Software engineering salaries in Canada are half what you get from a top-flight US company (e.g., Google, Facebook, etc).

Cost of living isn't that cheap either. Vancouver is an enormously expensive city to live in, and Toronto while cheaper also suffers from low software wages.


Let's say you knew someone who was granted an H1B1 visa based on a combination of some university education (but without getting a degree) and years of relevant experience in the field. Would this person stand a chance of being granted permanent residency?
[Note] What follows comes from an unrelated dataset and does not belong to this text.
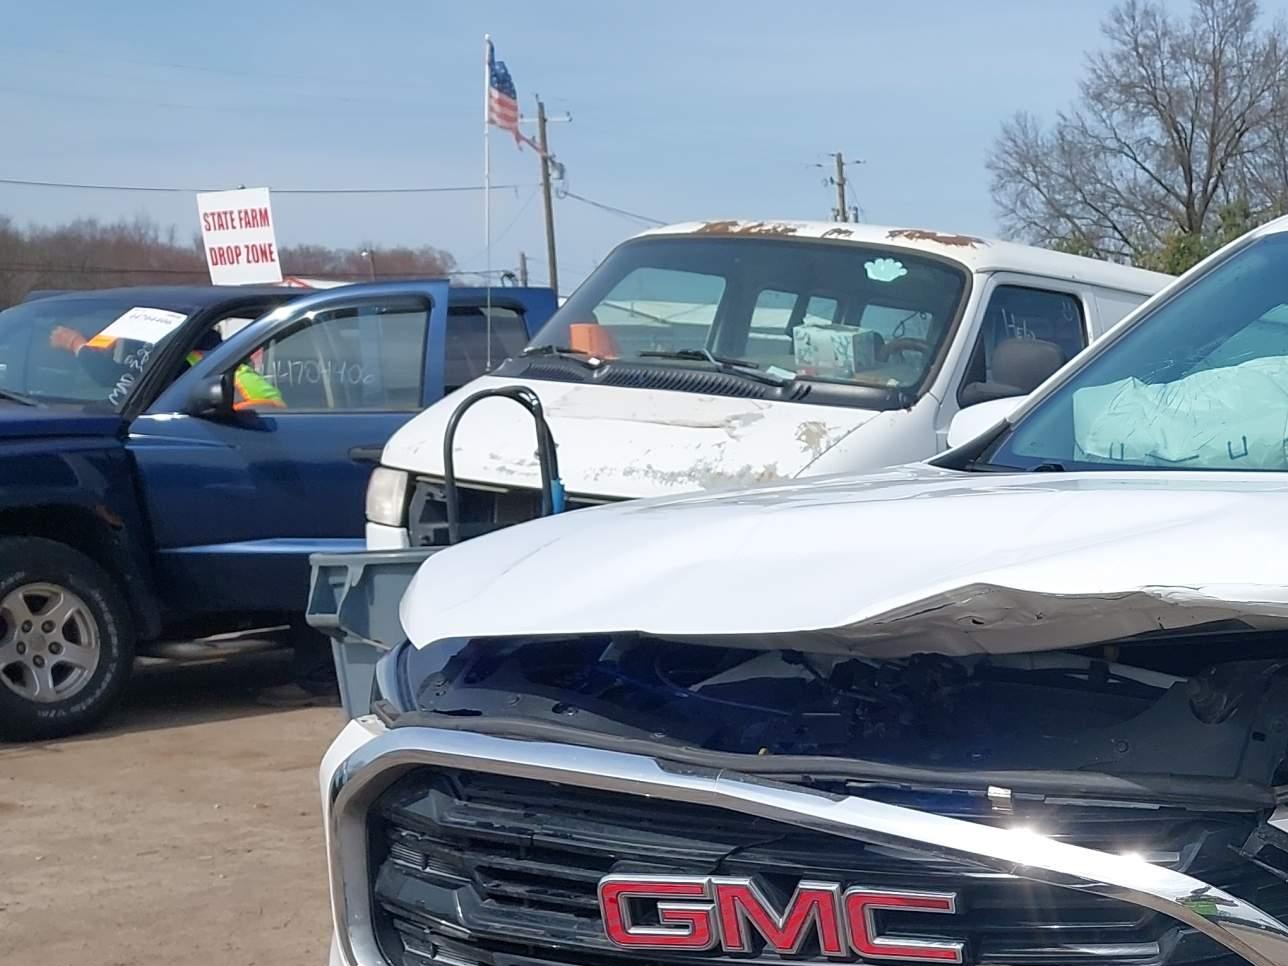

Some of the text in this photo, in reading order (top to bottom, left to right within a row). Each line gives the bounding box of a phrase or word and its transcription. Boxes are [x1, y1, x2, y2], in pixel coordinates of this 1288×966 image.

[203, 207, 270, 231] STATE FARM
[209, 243, 276, 266] DROP ZONE
[597, 873, 964, 964] GMC
If your company is prepared to sponsor you for a Green Card (permanent residency) then yes your chances are likely very good. However, be prepared to be in process for a number of years - if the H1B1 expires and you are in Green Card process then you can get extensions, but if your application is then bounced for any reason you are visa-less. The process is stressful, but mostly just paperwork. Get a good immigration lawyer and make sure they do their homework . Good luck!


There are routes to permanent residency that don't require a degree - basically the only routes that absolutely require it are EB2 'advanced degree', or using a degree as evidence of 'exceptional ability', EB3 'professional' and EB1b 'outstanding professors and researchers'. Admittedly EB2 is probably the standard route for H1B holders, but there's also EB1a and EB1c if you qualify, and there's always good old EB3 'skilled worker', if you have time on your hands, or EB2 'exceptional ability' based on non-academic evidence. Or try getting married to an American.


What do you do while waiting for a permanent residency? do you have a visa sponsored by your employer or do you go out and back in every 3 months? (I'm a non-US looking to come to the US to launch a business)


Yep, your employer sponsors you using an H1-B. Not sure how this works out when you are the employer, but I think it depends upon level of investment or something.


This is controversial but it is my personal experience: As a non-white, living in Germany is hard; the level of bigotry and racism in my opinion makes the nuisance of the US visa system negligible. Most tech immigrants are non-whites so I think a debate over immigration should take into account the quality of life for the techies and their family. Sure the US still have a lot to do to improve its visa system, but the American way of life and its people, makes the US the most attractive place to go for non-whites techies.


Same can be said for Canada. As a non-white, I have not faced any discrimination yet in Canada ever since I moved here ten years ago. Sure there may be racism but at least not in the everyday life and certainly not in the tech sector.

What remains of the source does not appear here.